● TASK BRIEF
Under this line are the records; write out word for word the part that begins at the line containing "Some of the words" and ends at the line containing "this 1600×1200 image.", and no more.

Dataset entries
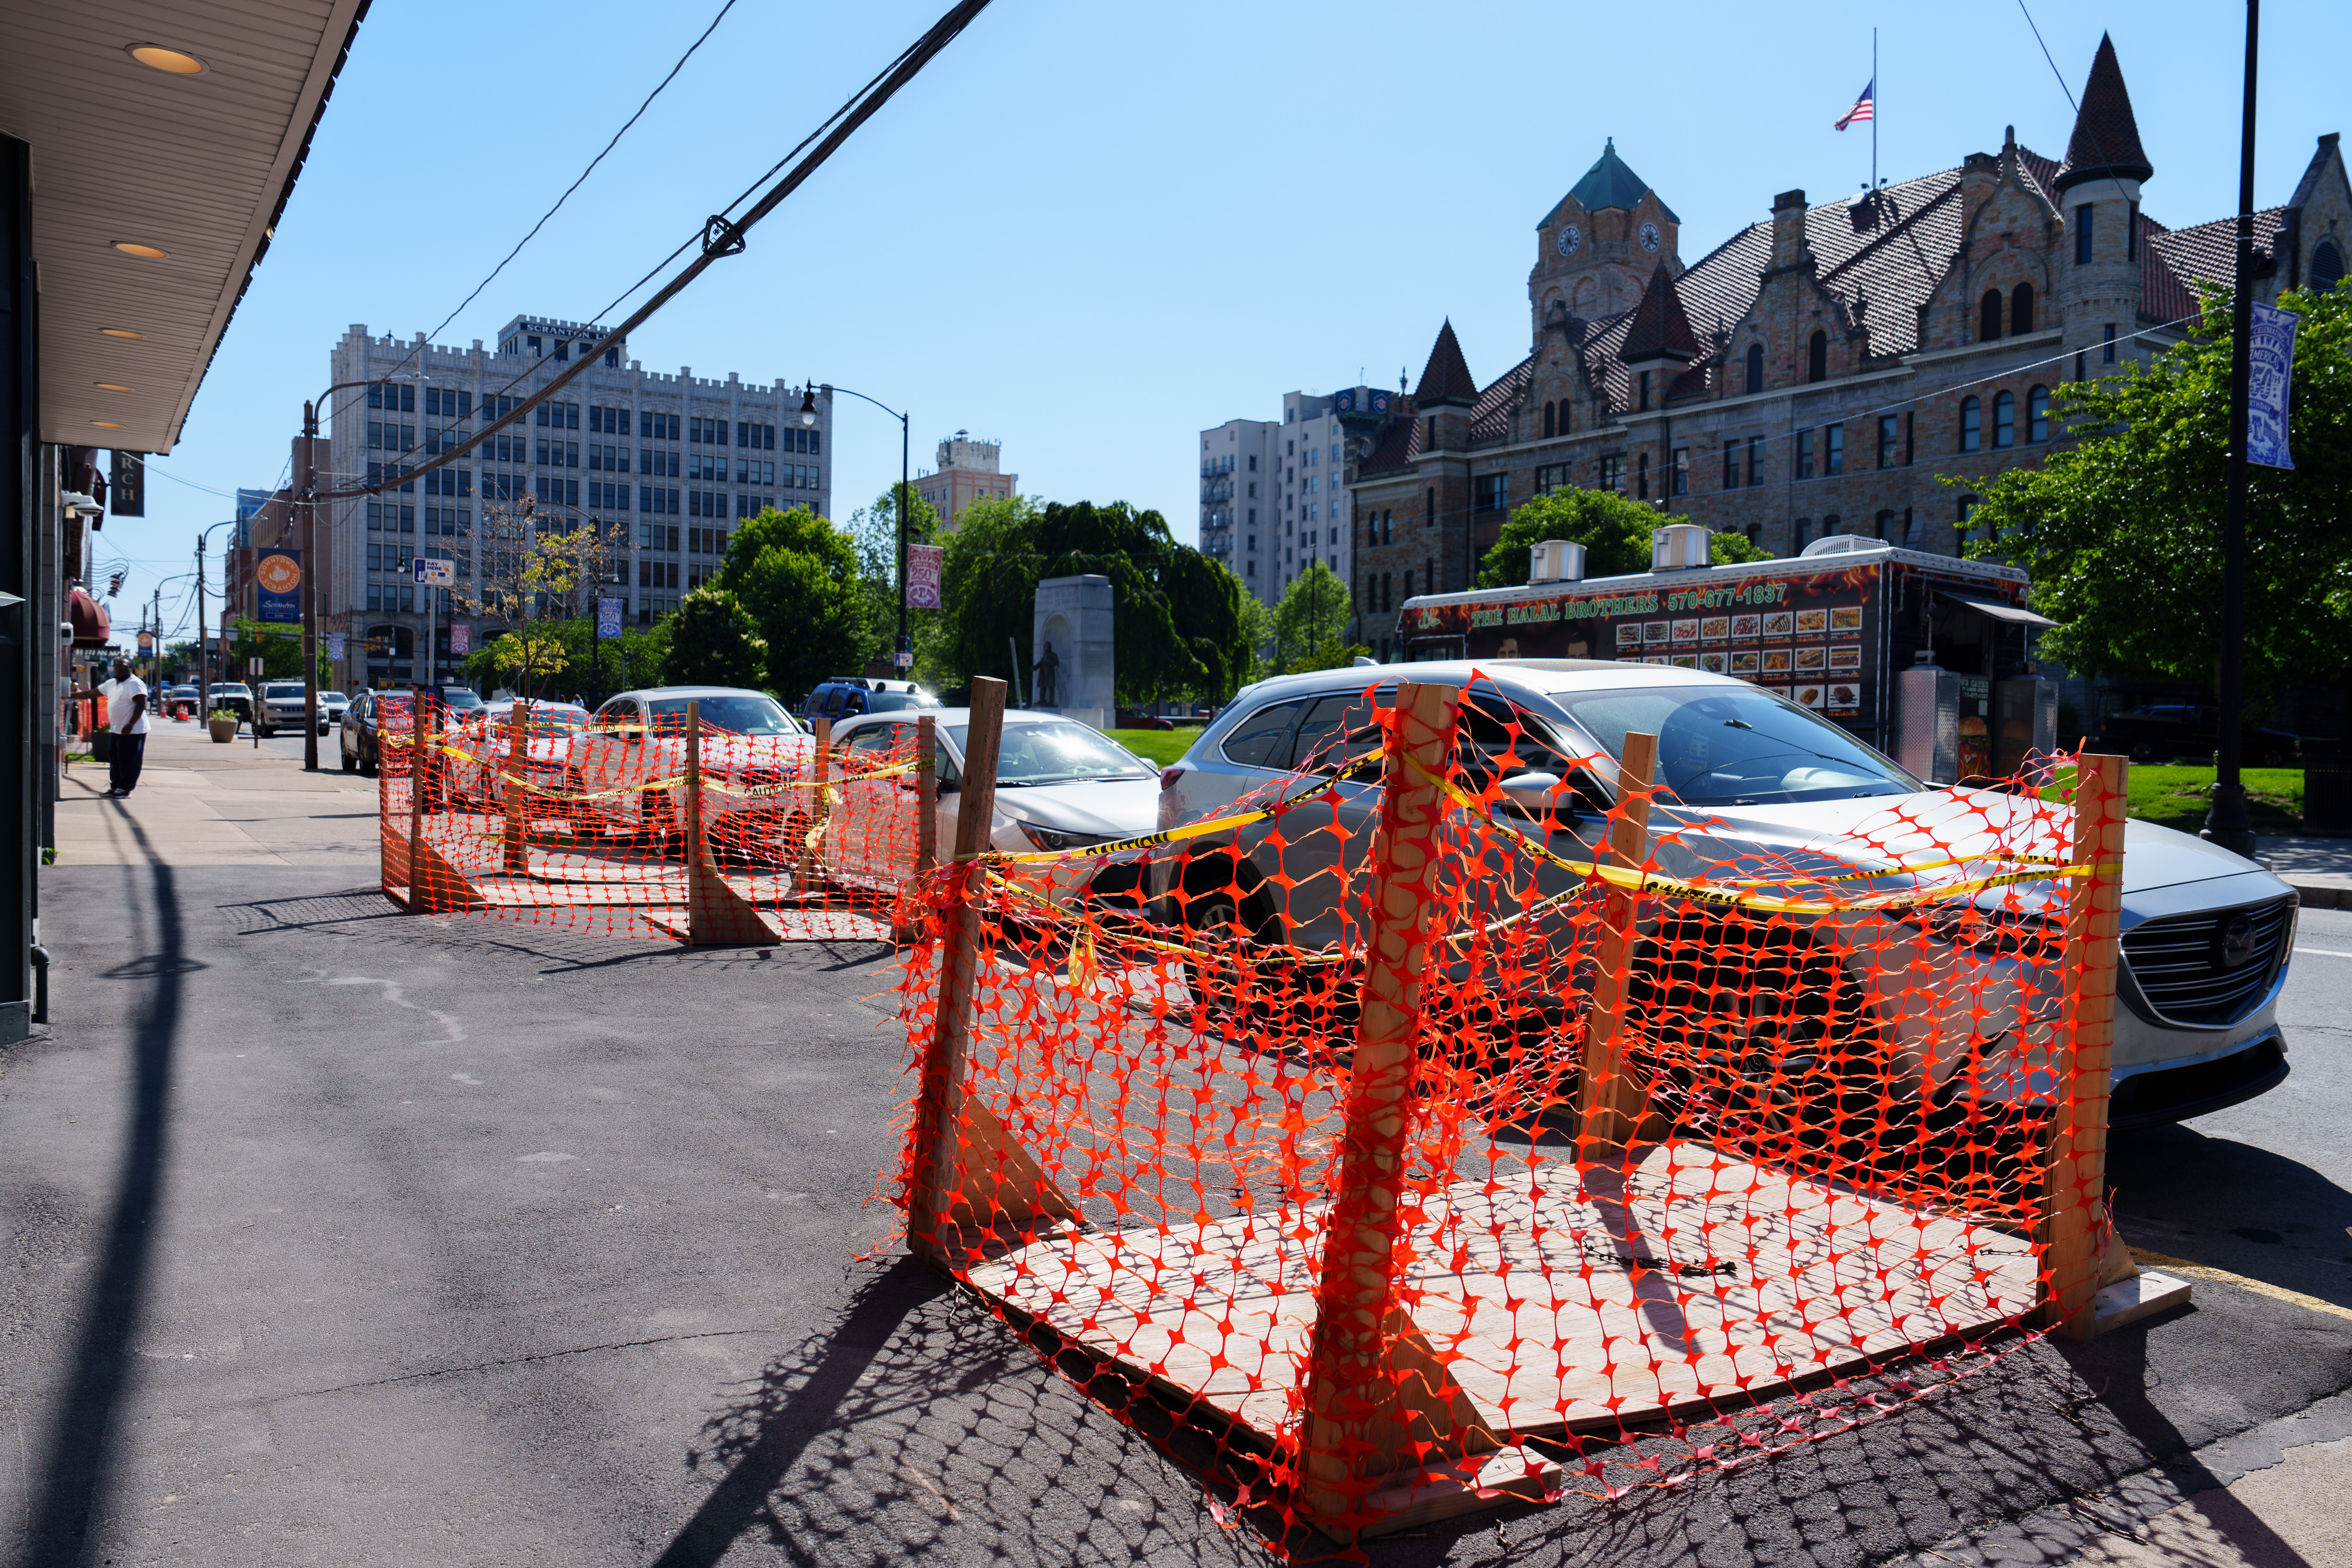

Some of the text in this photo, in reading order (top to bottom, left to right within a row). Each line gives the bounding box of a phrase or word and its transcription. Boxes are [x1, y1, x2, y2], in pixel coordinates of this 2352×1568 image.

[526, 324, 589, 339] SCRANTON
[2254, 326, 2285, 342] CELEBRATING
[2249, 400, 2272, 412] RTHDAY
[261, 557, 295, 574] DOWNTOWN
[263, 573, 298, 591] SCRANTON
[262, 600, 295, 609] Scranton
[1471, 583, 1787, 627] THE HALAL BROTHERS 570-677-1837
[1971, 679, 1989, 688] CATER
==
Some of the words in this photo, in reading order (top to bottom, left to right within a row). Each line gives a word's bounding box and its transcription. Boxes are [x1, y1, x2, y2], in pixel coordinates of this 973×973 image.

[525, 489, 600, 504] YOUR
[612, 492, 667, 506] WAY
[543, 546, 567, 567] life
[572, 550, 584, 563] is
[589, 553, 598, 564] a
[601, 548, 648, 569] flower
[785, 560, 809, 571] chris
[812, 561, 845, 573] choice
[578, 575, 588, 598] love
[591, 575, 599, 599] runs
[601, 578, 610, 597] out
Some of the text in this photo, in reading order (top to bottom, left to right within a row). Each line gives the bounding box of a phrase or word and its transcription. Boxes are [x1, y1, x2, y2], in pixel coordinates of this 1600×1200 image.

● SOLUTION BELOW
Some of the words in this photo, in reading order (top to bottom, left to right within a row). Each line gives a word's bounding box and its transcription. Boxes are [x1, y1, x2, y2], in pixel coordinates of this 973×973 image.

[525, 489, 600, 504] YOUR
[612, 492, 667, 506] WAY
[543, 546, 567, 567] life
[572, 550, 584, 563] is
[589, 553, 598, 564] a
[601, 548, 648, 569] flower
[785, 560, 809, 571] chris
[812, 561, 845, 573] choice
[578, 575, 588, 598] love
[591, 575, 599, 599] runs
[601, 578, 610, 597] out
Some of the text in this photo, in reading order (top to bottom, left to right within a row). Each line gives the bounding box of a phrase or word and its transcription. Boxes are [x1, y1, x2, y2], in pixel coordinates of this 1600×1200 image.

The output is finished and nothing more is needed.